Task to complete -> A complete answer lists every line of the entries below where the string "Berries" appears.

[Opening Records section]

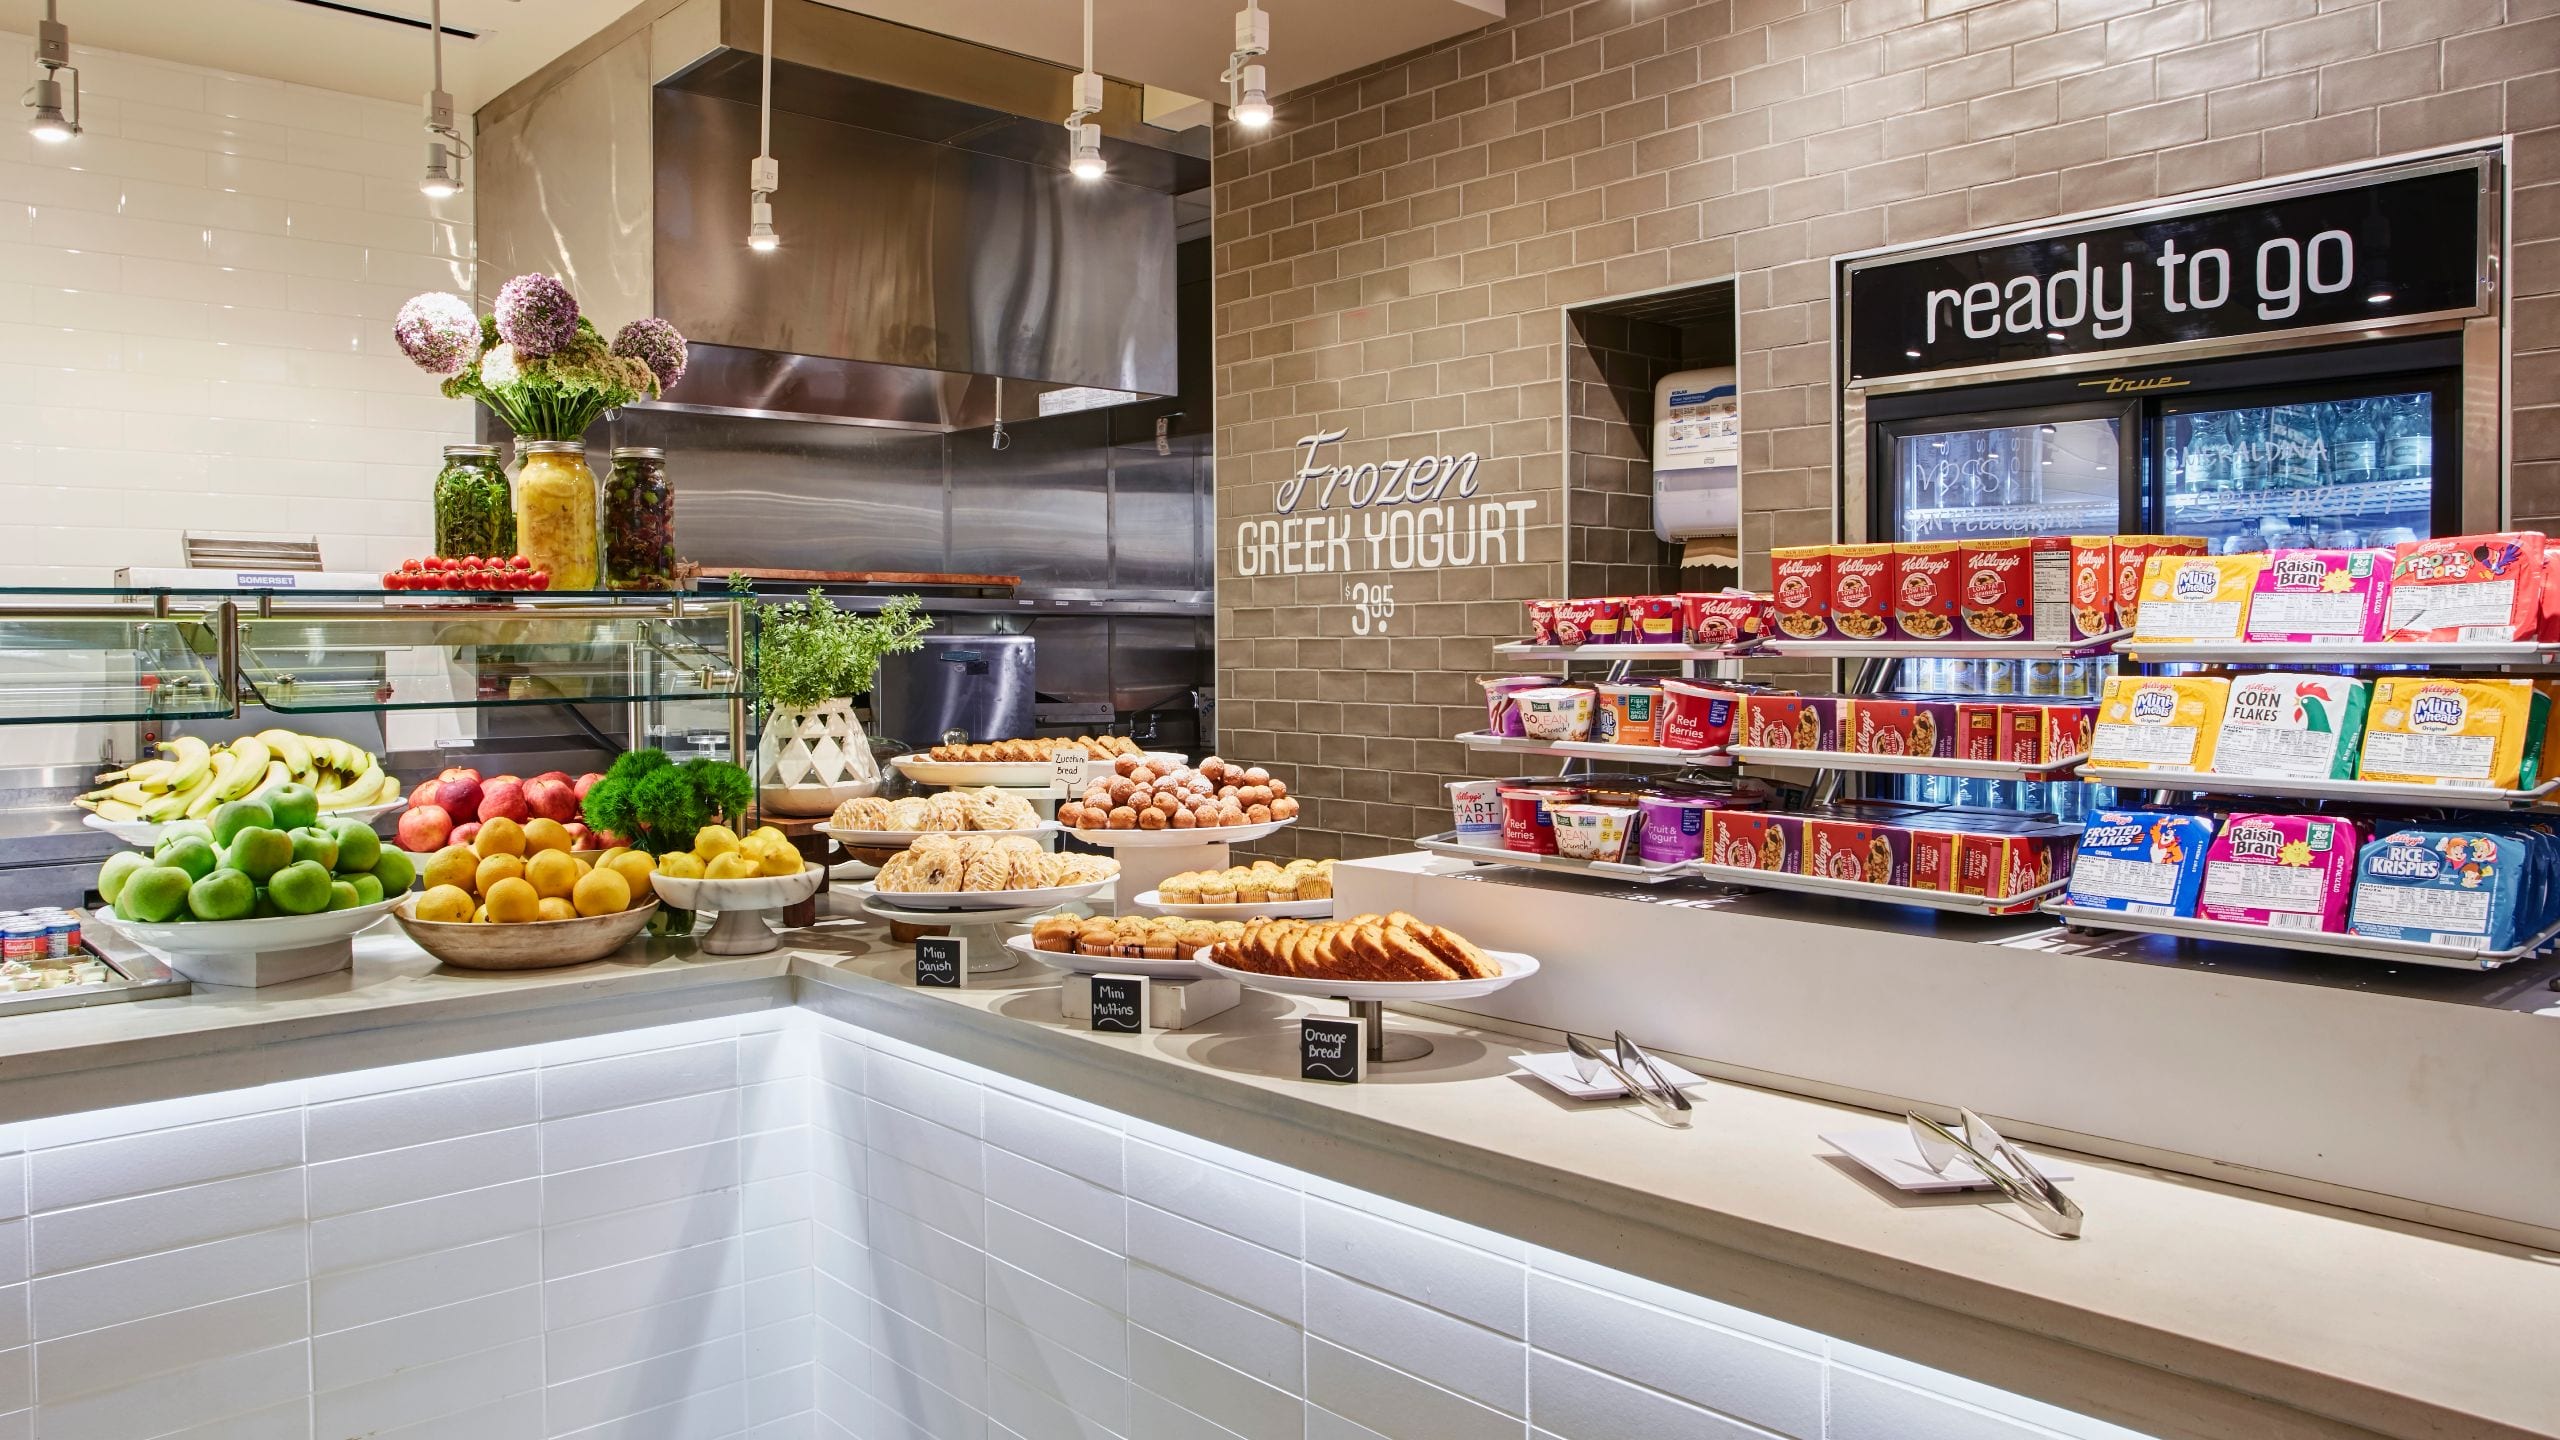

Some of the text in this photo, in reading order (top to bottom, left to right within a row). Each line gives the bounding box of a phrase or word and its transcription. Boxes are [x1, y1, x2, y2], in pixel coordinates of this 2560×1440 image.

[1926, 230, 2353, 344] ready to go
[2092, 377, 2184, 392] true
[1276, 427, 1480, 515] Frozen
[1916, 460, 2000, 493] VOSS
[1237, 500, 1537, 576] GREEK YOGURT
[1902, 556, 1950, 574] Kellogg's
[1969, 552, 2020, 571] Kellogg's
[2077, 550, 2106, 569] Kellogg's
[2119, 548, 2145, 567] Kellogg's
[2408, 551, 2465, 572] FROOT
[1779, 560, 1823, 577] Kellogg's
[1838, 558, 1883, 576] Kellogg's
[2275, 561, 2325, 575] Raisin
[2415, 564, 2469, 580] LOOPS
[239, 576, 293, 585] SOMERSET
[2180, 571, 2215, 585] Mini
[2279, 573, 2318, 586] Bran
[2178, 583, 2213, 595] Wheats
[1701, 600, 1752, 620] Kellogg's
[2421, 685, 2459, 696] Kellogg's
[2137, 692, 2172, 708] Mini
[2236, 691, 2281, 708] CORN
[2415, 696, 2461, 714] Mini
[2135, 706, 2170, 717] Wheats
[2233, 707, 2278, 721] FLAKES
[2414, 712, 2459, 725] Wheats
[1677, 714, 1697, 727] Red
[1670, 723, 1704, 738] Berries
[1057, 765, 1078, 775] Bread
[1456, 792, 1482, 803] Kellogg's
[1510, 819, 1526, 829] Red
[1648, 823, 1677, 835] Fruit &
[2084, 825, 2142, 838] FROSTED
[1507, 828, 1534, 840] Berries
[1648, 831, 1677, 843] Yogurt
[2231, 828, 2283, 844] Raisin
[2385, 834, 2425, 846] Kellogg's
[2082, 836, 2133, 848] FLAKES
[2235, 841, 2277, 857] Bran
[2390, 847, 2422, 862] RICE
[2370, 858, 2438, 878] KRISPIES
[923, 946, 946, 959] Mini
[918, 960, 952, 972] Danish
[1100, 985, 1124, 999] Mini
[1093, 1003, 1134, 1016] Muffins
[1305, 1028, 1347, 1050] Orange
[1309, 1044, 1342, 1059] Bread

[Closing Records section]

Your solution ->
[1670, 723, 1704, 738] Berries
[1507, 828, 1534, 840] Berries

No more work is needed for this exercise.